17. Les décisions.

Par JFC

Le jour se levait. Assis sur le sol dur et froid, Ephrem observait Mélusine, dont les longues mèches de cheveux blonds bougeaient au rythme du vent. Il avait réfléchi toute la nuit et attendait avec impatience que celle-ci se lève, afin de décider avec elle de la marche à suivre. Il continuait à penser que d’une manière ou d’une autre, ses parents avaient réussi à s’en sortir. Il se disait également que la vision du passé, dont sa sœur avait été témoin la veille, pouvait contenir un indice leur permettant de retrouver ses parents. De plus, ne sachant plus à quoi ces derniers ressemblaient, il devait d’abord trouver un moyen de se rappeler leur visage. Ou alors de faire en sorte que Mélusine les voit !

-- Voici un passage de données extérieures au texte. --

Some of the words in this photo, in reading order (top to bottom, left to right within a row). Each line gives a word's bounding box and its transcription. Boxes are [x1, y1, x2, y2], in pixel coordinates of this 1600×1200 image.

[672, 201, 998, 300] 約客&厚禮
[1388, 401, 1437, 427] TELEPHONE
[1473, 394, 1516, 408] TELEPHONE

            Enfin, Ephrem vit les yeux de sa sœur s’ouvrir lentement. Il avait attendu des heures qu’elle se réveille pour pouvoir lui poser sa question :

            — Est-ce que tu pourrais voir mon passé ? Mes parents y sont sûrement, expliqua-t-il.

            Émergeant avec difficulté d’un sommeil mouvementé, l’Elfe à la peau blanche comme neige se sentait toujours épuisé. Elle fit répéter à Ephrem sa question pour être sûre d’avoir bien entendu.

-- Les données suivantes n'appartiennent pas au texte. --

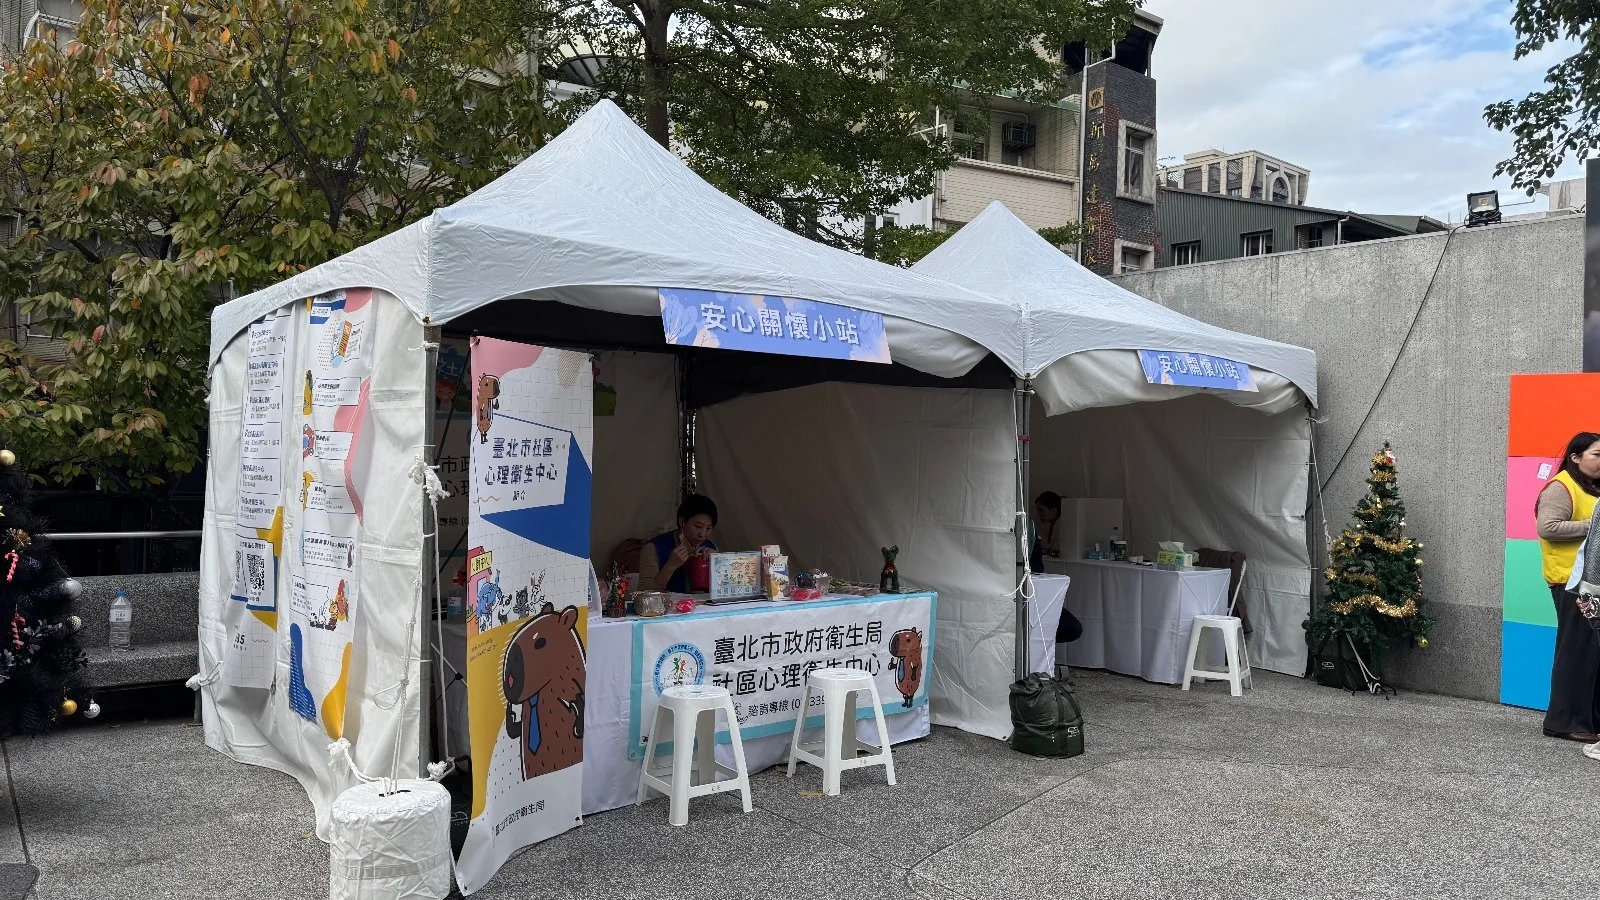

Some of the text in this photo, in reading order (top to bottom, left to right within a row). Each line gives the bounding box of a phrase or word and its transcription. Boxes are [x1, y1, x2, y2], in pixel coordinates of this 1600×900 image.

[700, 301, 861, 345] 安心關懷小站
[1157, 354, 1241, 380] 安心關懷小站
[492, 437, 554, 459] 臺北市社區
[484, 463, 558, 486] 心理衛生中心
[713, 620, 883, 666] 臺北市政府衛生局

            — Mon passé, insista-t-il, mes parents y sont.

            Les souvenirs de la veille lui revinrent rapidement et aussi violemment que si on lui avait donné un coup de poing dans l’estomac. Le but de ce voyage était de retrouver les parents d’Ephrem et de vivre une aventure enrichissante et agréable. Mais depuis le début il n’avait connu que combat, mort et autres désagréments. Elle savait à quel point cela était important pour son frère, mais contrairement à lui, elle ne voyait aucune raison de croire que ces personnes âgées aient survécu à l’attaque des Traneks. Elle aurait accepté n’importe quoi d’autre, mais pas ça ! De toute façon, à chaque fois qu’elle avait été catapultée dans un passé, cela avait toujours été à son insu. Elle ne pensait pas être capable de le faire sciemment.

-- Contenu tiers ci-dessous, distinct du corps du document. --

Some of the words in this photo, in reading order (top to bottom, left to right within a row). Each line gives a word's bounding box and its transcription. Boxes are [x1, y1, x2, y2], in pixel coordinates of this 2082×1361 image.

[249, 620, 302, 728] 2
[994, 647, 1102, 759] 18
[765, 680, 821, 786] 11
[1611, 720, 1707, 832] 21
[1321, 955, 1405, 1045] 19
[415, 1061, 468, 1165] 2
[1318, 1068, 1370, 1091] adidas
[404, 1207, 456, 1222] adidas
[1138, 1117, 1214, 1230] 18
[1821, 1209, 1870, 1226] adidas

            — Tu pourrais au moins essayer, implora Ephrem, qu’est-ce que ça peut bien te coûter ? C’est important pour moi. Retrouver mes parents était le but de notre voyage, je te rappelle!

            Tout en ignorant les arguments de son frère, Mélusine se leva et ramassa ses affaires. Elle n’avait pas faim, mais lui demanda s’il voulait manger quelque chose. Contrarié, celui-ci refusa de manger quoi que ce soit, et continua d’essayer de convaincre Mélusine.

— Ephrem, je comprends ce que tu ressens… Mais réfléchis un peu. Ce que tu veux faire, ne servirait à rien. Tes parents ne sont plus de ce monde, souffla-t-elle en posant une main sur son épaule.

— Non, rectifia le jeune homme en se dégagent, ils sont vivants. Si tu voulais bien…

            — Ça suffit ! Le coupa-t-elle excédée. Ne vois-tu pas que ce voyage n’a servi à rien ! Je regrette que tes parents soient morts. À ta place, j’aurais également du mal à l’accepter. Pourtant, il va falloir que tu le fasses.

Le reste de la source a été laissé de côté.